Rajoy habló antes que Piqué, con un discurso que sonó con la música del preludio de las generales y que los 600 asistentes interrumpieron constantemente con gritos como "Oé, oé, oé, Mariano a la Moncloa" y "Mariano, amigo, el pueblo está contigo". El presidente nacional del PP ofreció "gobernantes normales que se ocupen de las cosas normales". "No queremos genialidades", dijo, tras enumerar lo que han sido, para él, los escándalos del tripartito (el 3%, el Carmel, el Estatut...).

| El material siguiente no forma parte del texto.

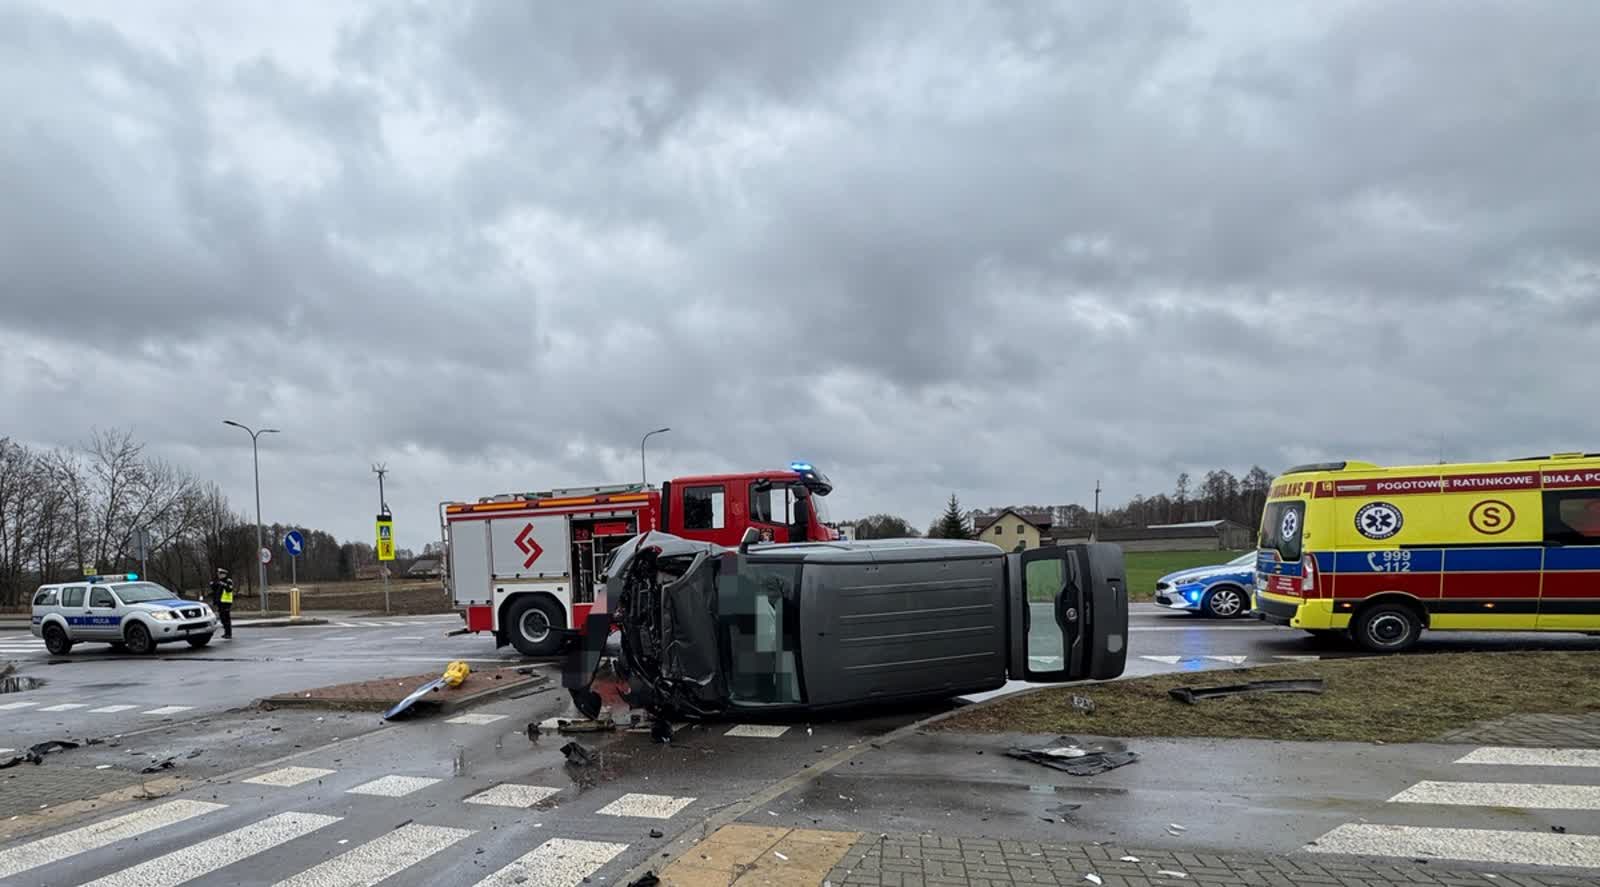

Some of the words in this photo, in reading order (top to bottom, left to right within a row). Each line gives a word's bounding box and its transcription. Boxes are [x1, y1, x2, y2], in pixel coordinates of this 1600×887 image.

No pudo evitar Rajoy referirse a la firma ante notario de Artur Mas para rubricar que no llegará a pactos estables con el PP. "Ahora habla de una Cataluña sin exclusiones --dijo--. Le creeremos cuando vaya al notario y retire su compromiso de excluir a cientos de miles de ciudadanos de la vida pública".

RESPALDO Piqué empezó su mitin explicando la razón de que allí, detrás de él, hubiera 17 líderes autonómicos de toda España. Debió de pensar que debía una explicación, después de que él mismo denunciara en varias ocasiones la españolización de estas elecciones. "Nos llegaron mensajes de apoyo, que querían estar con nosotros", afirmó.

Y ahí estuvieron, para intentar que el no al Estatuto catalán y las declaraciones de algunos de sus dirigentes contra Cataluña durante el debate de la Carta no les pasen factura y pierdan alguno de los 15 diputados. Un último empujón para que los votantes que sí les apoyan en las generales, pero los ningunean en las autonómicas, se movilicen mañana. A ellos, más que nunca, dirigió sus palabras Piqué, que defendió el castellano en las escuelas, criticó la rotulación en catalán y habló del "motivo de orgullo" que es para él la bandera española. El candidato se despidió de la campaña pidiendo el voto para poder olvidar "los episodios de vergüenza" del pasado.